Night owls have high rates of depression. A study appearing in Human Psychopharmacology reports that insomnia is accompanied by depression in 40 percent of cases. It’s also associated with increased risk of suicide.

Night owls engage in greater amounts of risky behavior and are apt to be single or have short-term romantic relationships, said Dario Maestripieri, professor of comparative human development at the University of Chicago. “In addition, male night owls report twice as many sexual partners than male early birds.”

Physical health suffers, too. Men who are night owls have increased rates of type 2 diabetes and loss of muscle mass, according to research appearing in the April 2015 issue of The Journal of Clinical Endocrinology & Metabolism. Women who stay up late are twice as likely to have metabolic syndrome (excess belly fat, high blood sugar and overall unhealthy fat levels) than their early-to-bed counterparts.

Because night owls spend long stretches of time alone, they may become socially isolated, a condition John Cacioppo, Ph.D. psychology professor at the University of Chicago considers a chief contributor to declining health.

We can’t necessarily reprogram our innate patterns. But there’s plenty we can do to create a healthy and stable lifestyle.

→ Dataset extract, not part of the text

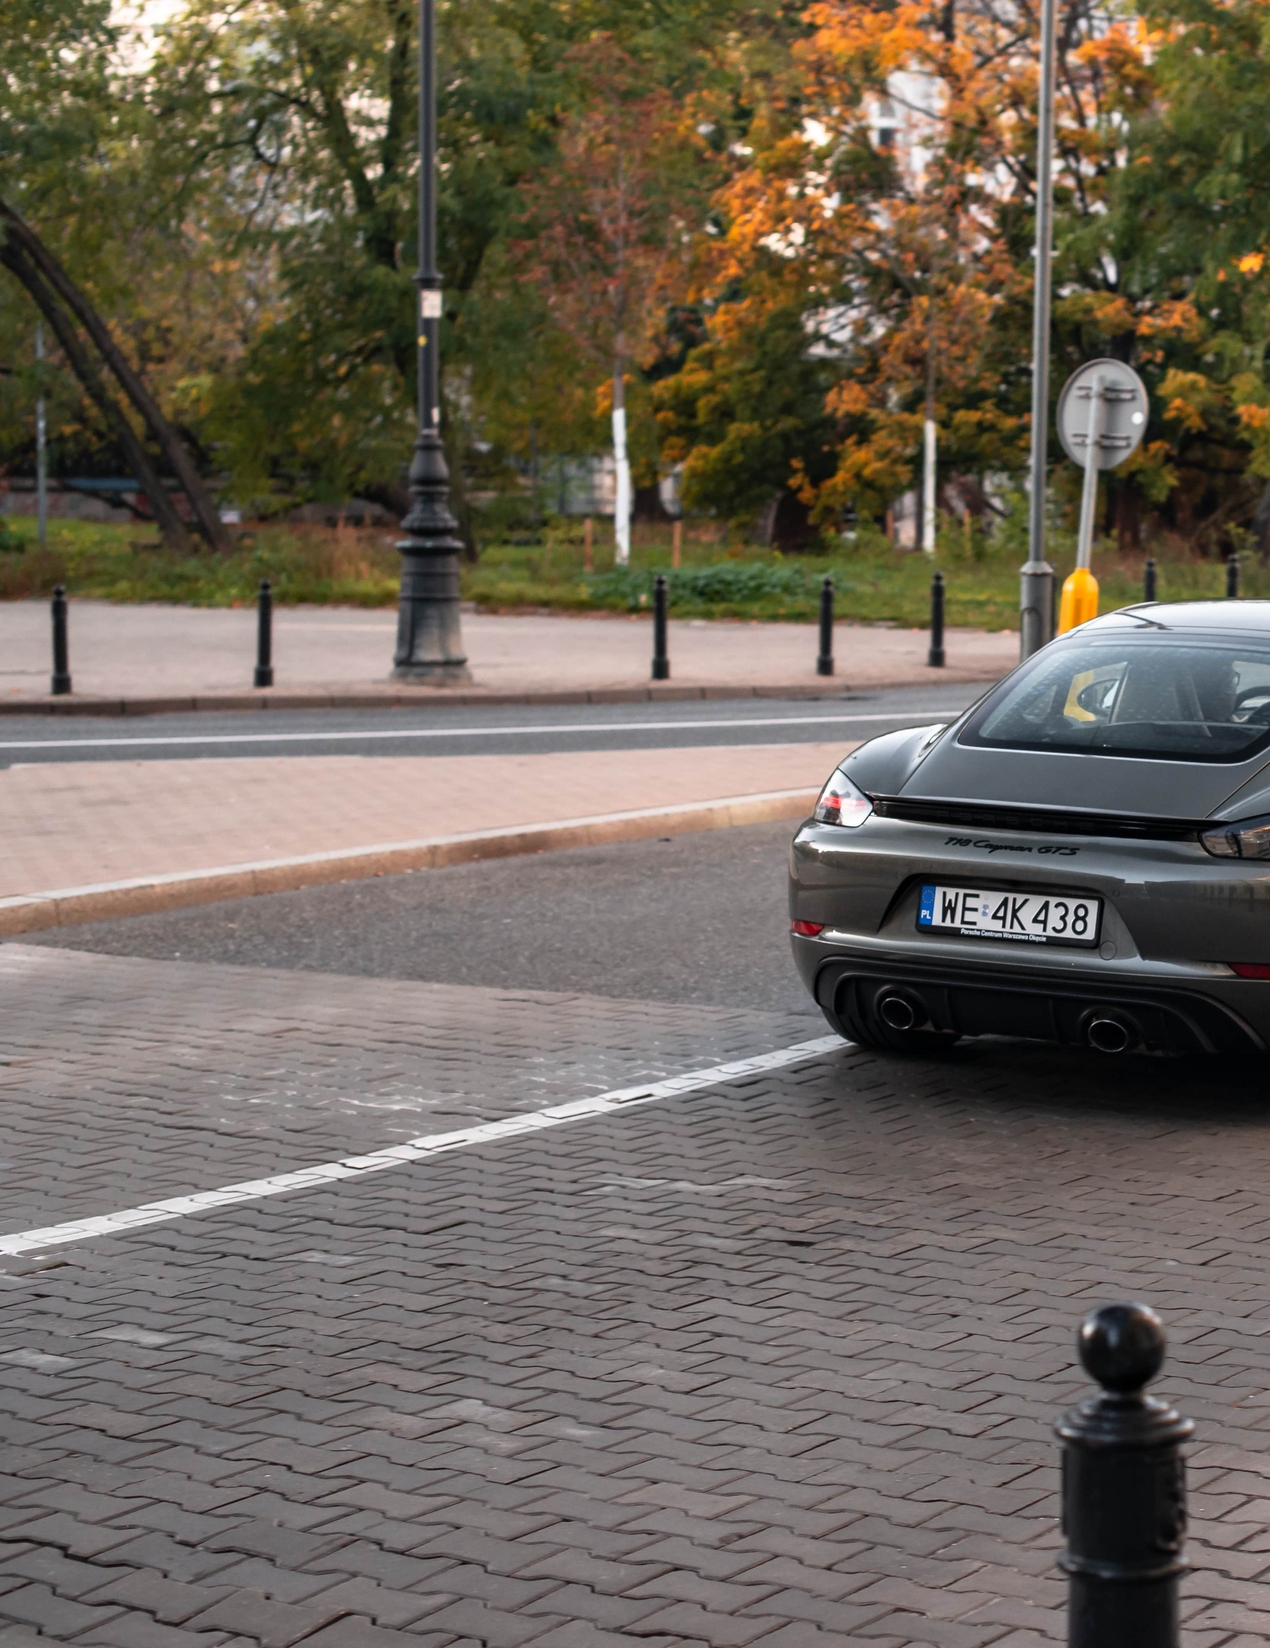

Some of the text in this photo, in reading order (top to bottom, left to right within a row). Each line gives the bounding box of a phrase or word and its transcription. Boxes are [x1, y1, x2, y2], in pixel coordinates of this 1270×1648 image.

Linda Lewis Griffith is a local marriage and family therapist. For information or to contact her, visit

Tips for night owls

  • Get enough sleep. Aim for seven to eight hours each night, regardless of when you finally get to bed.
  • Get adequate sunlight. Lack of light is the chief cause of Seasonal Affective Disorder. If you can’t get out during the day, use artificial light.
  • Avoid late-night snacking. Limit caloric intake after 8 p.m. to prevent putting on extra pounds.
  • Schedule outings with friends. Play pick-up basketball with your buddies or join a book club.
  • Exercise early in the day. Don’t work out late at night. That may interfere with sleep. Break a sweat early so you can wind down at bedtime.